Free-text object descriptions:
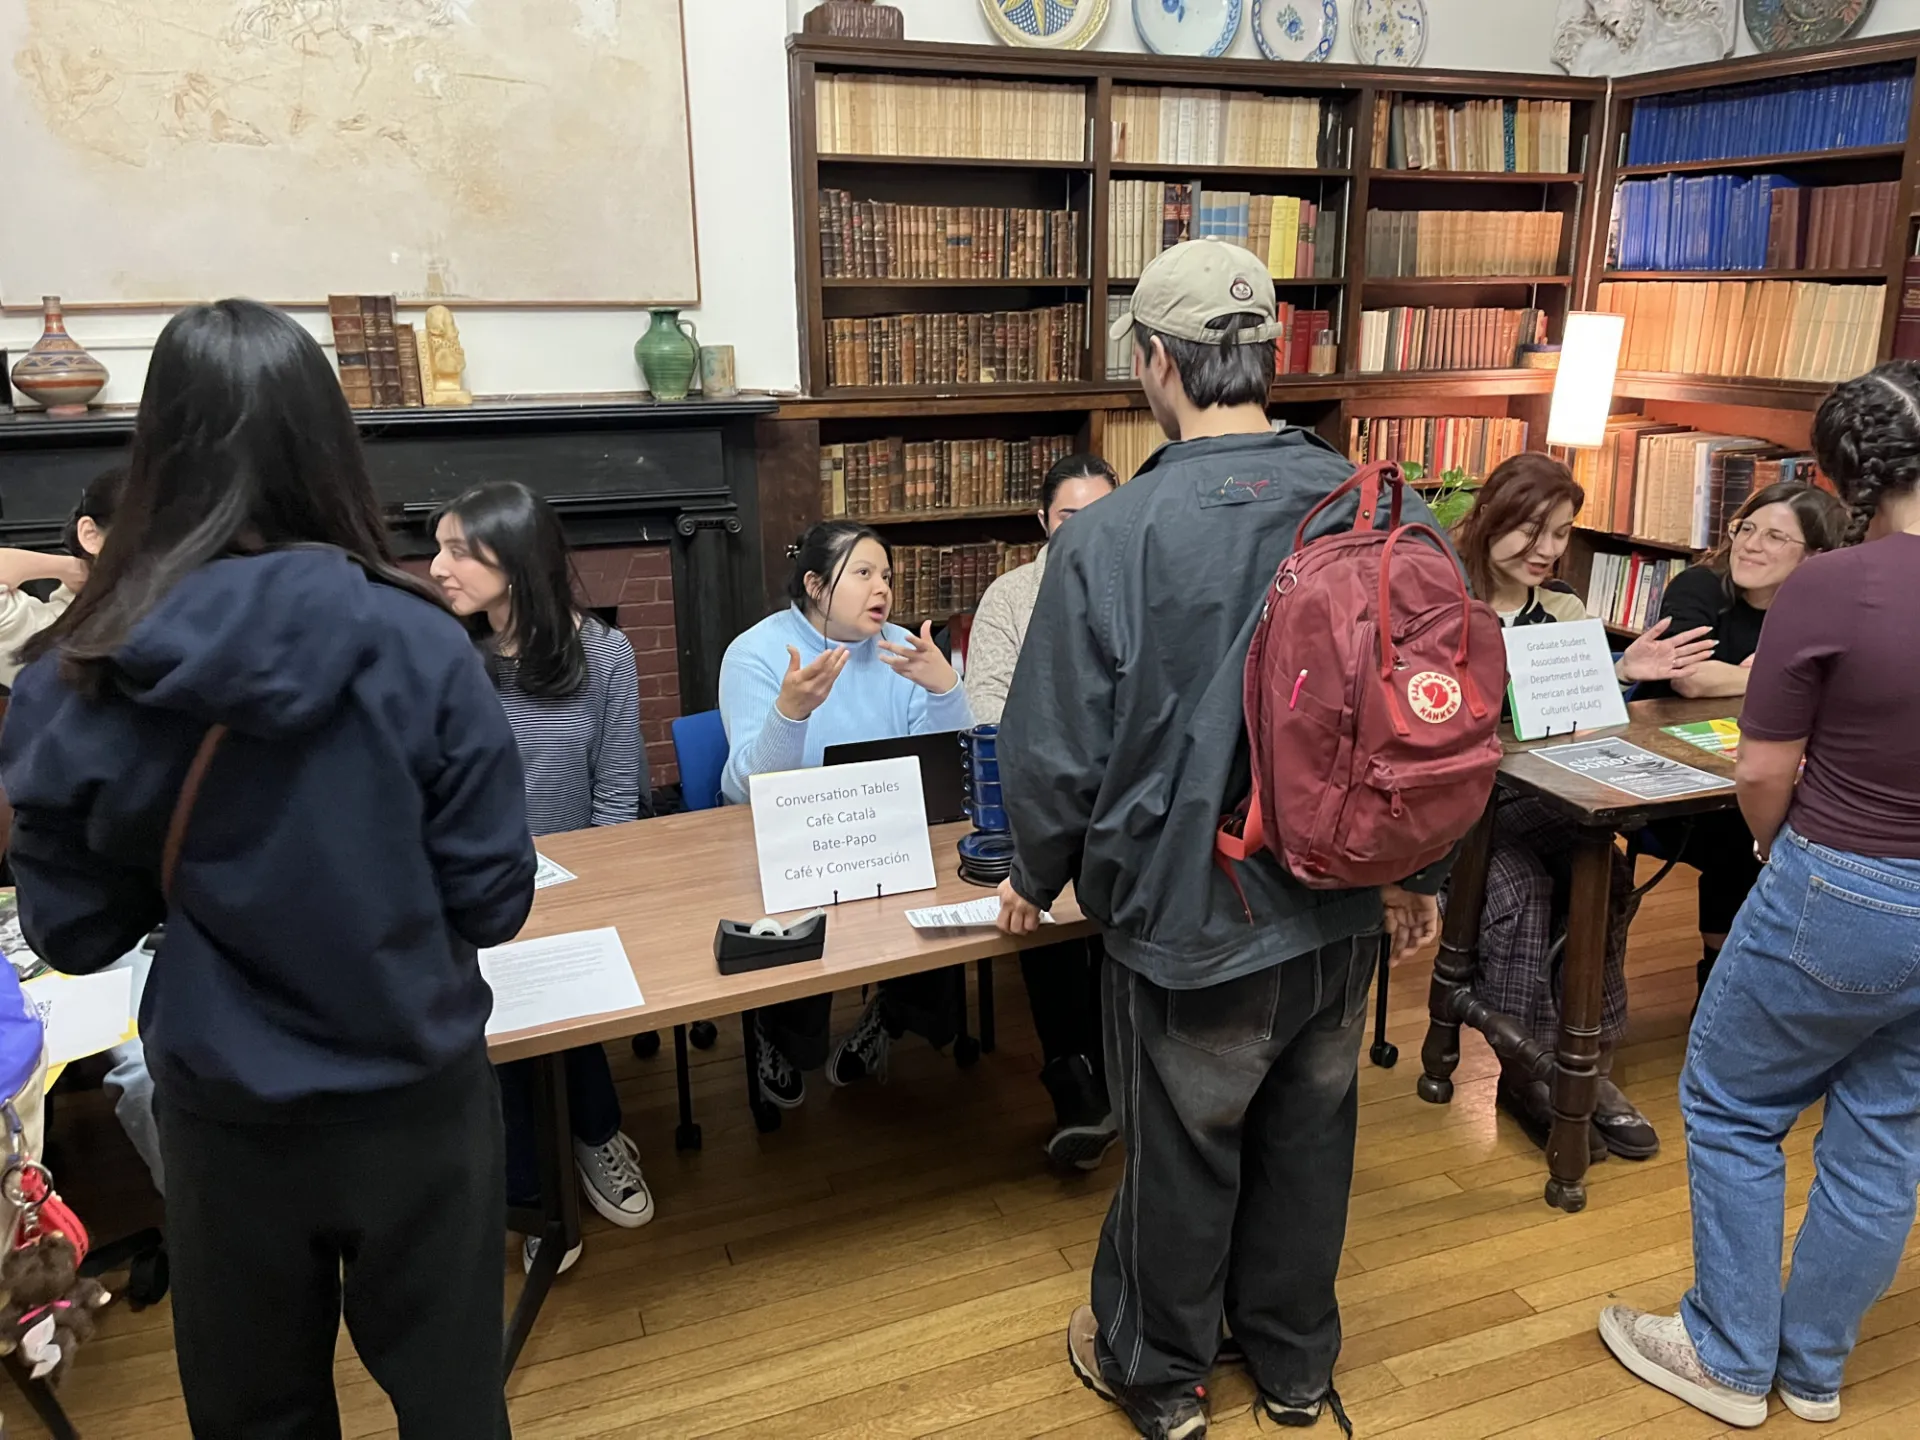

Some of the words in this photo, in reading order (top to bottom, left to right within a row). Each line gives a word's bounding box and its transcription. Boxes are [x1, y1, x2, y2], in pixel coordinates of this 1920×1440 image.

[1527, 641, 1559, 652] Graduate
[1560, 637, 1586, 648] Student
[1531, 656, 1570, 667] Association
[1571, 654, 1578, 663] of
[1579, 652, 1591, 661] the
[1530, 671, 1572, 684] Department
[1573, 669, 1580, 678] of
[1582, 667, 1598, 677] Latin
[1531, 689, 1564, 701] American
[1566, 686, 1579, 696] and
[1580, 683, 1604, 694] Iberian
[1541, 705, 1570, 716] Cultures
[1571, 699, 1602, 713] (GALAIC)
[1569, 754, 1654, 771] Sonoros
[775, 787, 858, 808] Conversation
[861, 780, 900, 796] Tables
[837, 807, 877, 823] Català
[812, 833, 877, 852] Bate-Papo
[784, 865, 813, 881] Café
[816, 866, 824, 879] y
[826, 851, 910, 875] Conversación
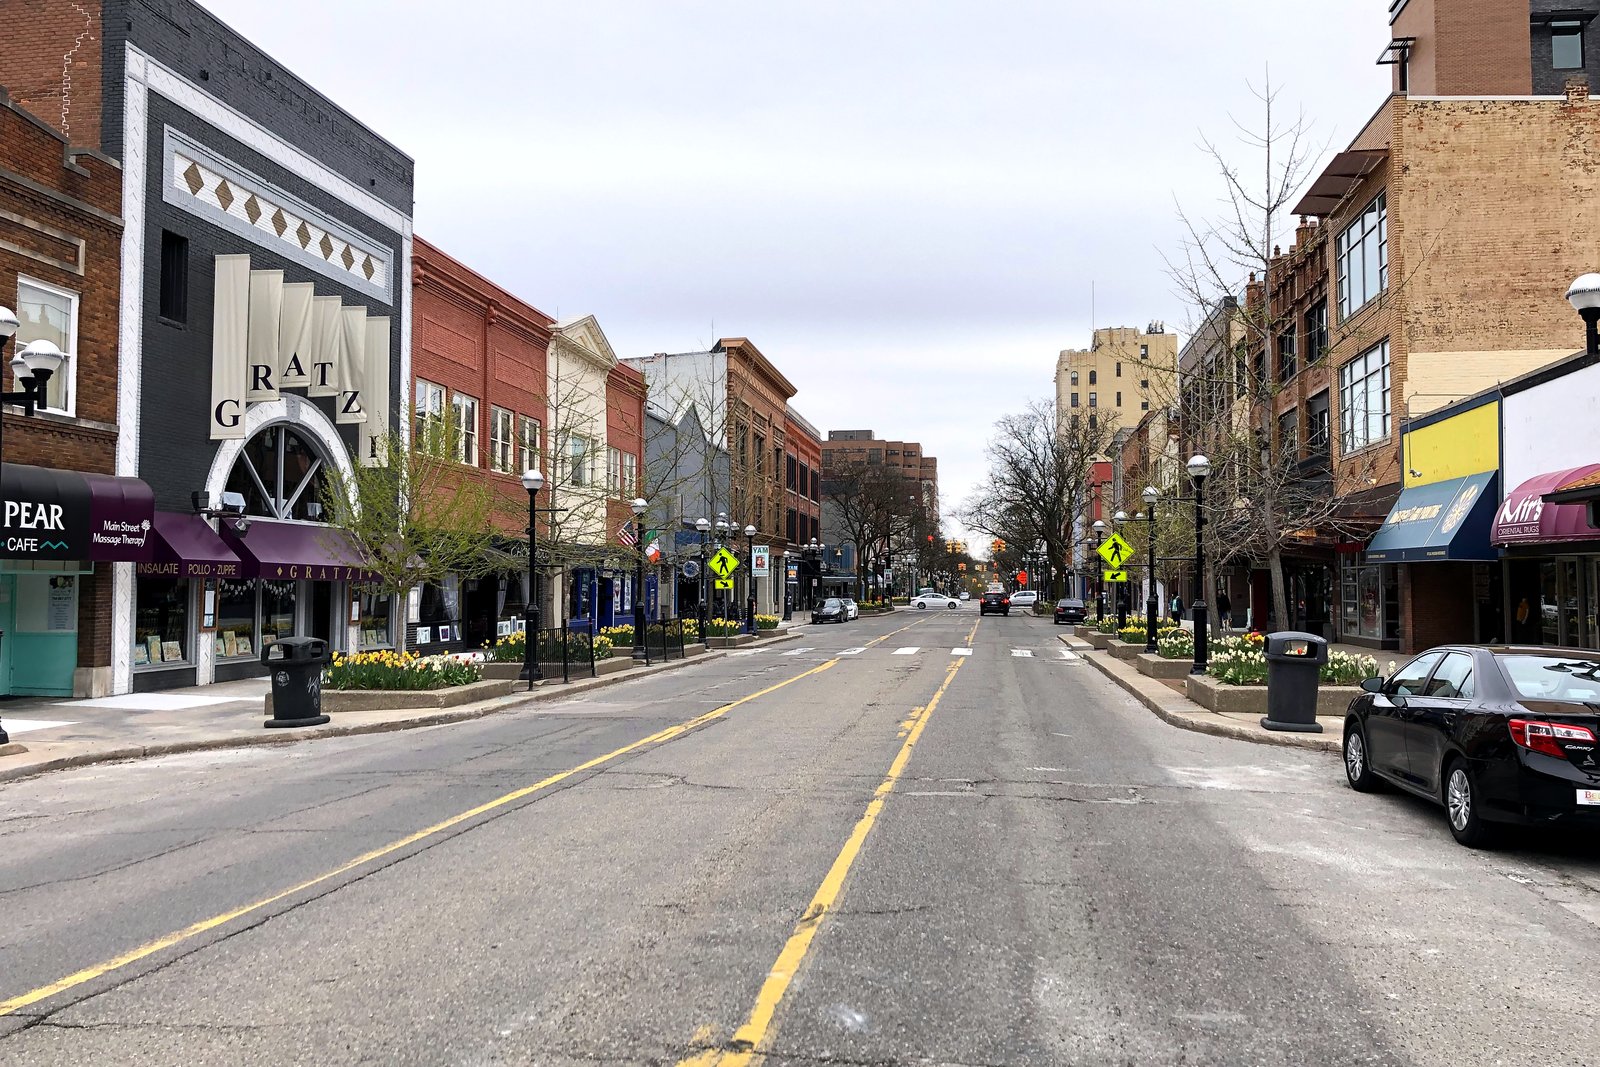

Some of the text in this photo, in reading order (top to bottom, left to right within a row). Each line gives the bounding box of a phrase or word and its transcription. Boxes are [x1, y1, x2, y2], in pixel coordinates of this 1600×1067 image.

> **ABOUT THIS EXERCISE**
Any pictures above are to be left out. Retype the rest of the records exactly.

> **WRITTEN ANSWER**
Some of the words in this photo, in reading order (top to bottom, left to right within a row). Each line gives a word's bounding box and its transcription. Boxes are [x1, y1, x2, y2], in pixel coordinates of this 1920×1440 image.

[1527, 641, 1559, 652] Graduate
[1560, 637, 1586, 648] Student
[1531, 656, 1570, 667] Association
[1571, 654, 1578, 663] of
[1579, 652, 1591, 661] the
[1530, 671, 1572, 684] Department
[1573, 669, 1580, 678] of
[1582, 667, 1598, 677] Latin
[1531, 689, 1564, 701] American
[1566, 686, 1579, 696] and
[1580, 683, 1604, 694] Iberian
[1541, 705, 1570, 716] Cultures
[1571, 699, 1602, 713] (GALAIC)
[1569, 754, 1654, 771] Sonoros
[775, 787, 858, 808] Conversation
[861, 780, 900, 796] Tables
[837, 807, 877, 823] Català
[812, 833, 877, 852] Bate-Papo
[784, 865, 813, 881] Café
[816, 866, 824, 879] y
[826, 851, 910, 875] Conversación

Some of the text in this photo, in reading order (top to bottom, left to right within a row). Each line gives the bounding box of a phrase or word and its transcription. Boxes are [x1, y1, x2, y2], in pixel coordinates of this 1600×1067 image.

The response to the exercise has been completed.